S’agissant de son patrimoine mobilier, il a déclaré détenir à titre personnel une épargne monétaire liquide de 15 354,53 euros.
Enfin, apparaissent dans la fiche le versement d’une pension alimentaire à hauteur de 18 000 euros à titre de revenu annuel et celui d’une pension de 11 100 euros à titre de charges annuelles sans qu’il ne soit précisé si la première était en réalité versée à sa compagne et la seconde par lui.
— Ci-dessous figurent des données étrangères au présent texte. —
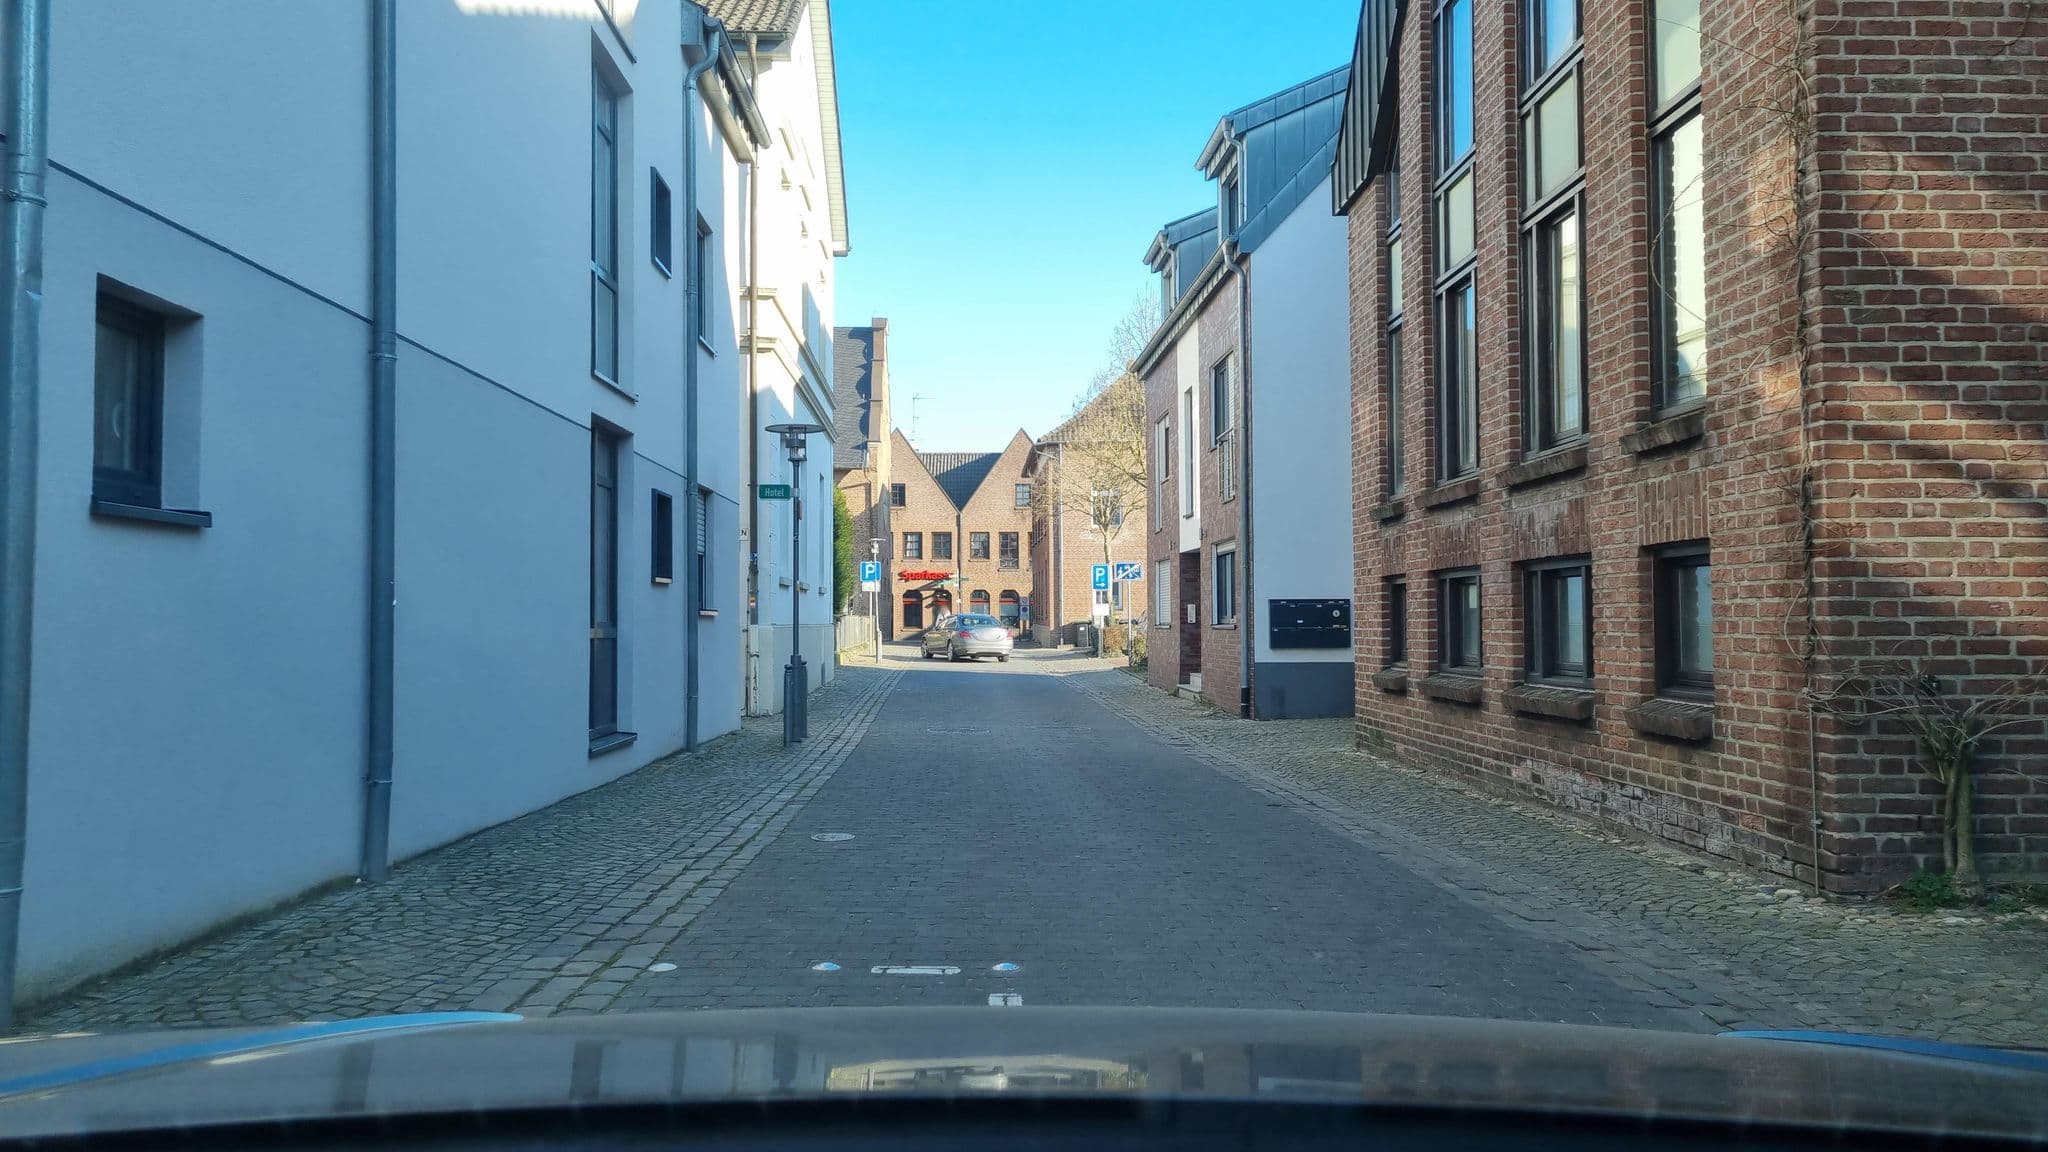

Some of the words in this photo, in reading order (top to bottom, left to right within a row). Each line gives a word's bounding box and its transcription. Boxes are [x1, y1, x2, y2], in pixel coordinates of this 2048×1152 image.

[764, 488, 784, 497] Hotel
[865, 564, 875, 579] P
[1095, 567, 1105, 582] P
Si cette hypothèse parait la plus vraisemblable, en l’absence de certitude quant à ces deux sommes qui s’équivalent quasiment, elles ne seront pas retenues dans l’appréciation de sa situation au 8 février 2018.
Il résulte de ces éléments que lorsqu’il s’est engagé il a déclaré au titre de son actif un revenu de 65 000 euros, un patrimoine immobilier qui, après imputation du crédit immobilier sur sa part de l’indivision ne pouvait constituer un gage pour la créancière, des revenus immobiliers à hauteur de 13 022 euros et un patrimoine mobilier de 15 354,53 euros. De cela doivent être soustraites les charges de loyer qu’il assume par moitié, soit à hauteur de 13 200 euros.
L’intimée soutient que l’appelant et son associé étaient des cautions averties, qu’il était gérant fondateur de sept autres sociétés et détenait une holding centralisant ses revenus et activités, que la société PPR réalisait en 2003 un chiffre d’affaires d'1 million d’euros avec un pic à 4 millions en 2013. Cependant, ces circonstances, comme la situation financière et patrimoniale de sa compagne, ne sont pas de nature à impacter l’évaluation d’une éventuelle disproportion entre ses ressources et patrimoine propres et l’ampleur de l’engagement souscrit.
En se portant caution pour un montant de 180 000 euros le 8 février 2018, il s’est engagé à titre personnel à hauteur de plus de 224 % de ses ressources et il ne disposait pas d’un patrimoine réalisable.
L’appelant apporte ainsi la preuve de ce que son engagement était manifestement disproportionné ce qui interdit à l’intimée de se prévaloir de l’engagement litigieux dans la mesure où elle ne démontre pas que, dans l’intervalle entre la date de son engagement et celle de son appel en garantie, il était revenu à meilleure fortune et en capacité d’honorer son obligation.
Par conséquent, la SA BRED banque populaire ne peut se prévaloir de l’acte de cautionnement litigieux et sera déboutée de sa demande en paiement par voie d’infirmation du jugement déféré.
Sur les autres demandes :
Partie perdante en cause d’appel, la BRED sera condamnée à en régler les entiers dépens sur le fondement de l’article 696 du code de procédure civile sans que l’équité commande de faire application des dispositions de l’article 700 de ce même code au profit de M. [N] qui sera débouté de sa prétention au titre des frais irrépétibles.
La prétention du même chef présentée par l’intimée sera rejetée en ce qu’elle succombe.
PAR CES MOTIFS
La cour,
Confirme le jugement déféré dans l’intégralité de ses dispositions soumises à la cour relatives à M. [G] [F] ;
Infirme le jugement déféré dans l’intégralité de ses dispositions soumises à la cour relatives à M. [C] [N] ;
Statuant à nouveau et y ajoutant,
Déboute la SA BRED banque populaire de l’intégralité de ses prétentions à l’égard de M. [C] [N] ;
Condamne la SA BRED banque populaire aux entiers dépens de l’appel ;
Déboute les parties de leur prétention respective au titre de l’article 700 du code de procédure civile.
Le présent arrêt a été signé par Madame Séverine LEGER, conseillère faisant fonction de présidente de chambre, et par Madame Nathalie BEBEAU, greffière à laquelle la minute de la décision a été remise par le magistrat signataire.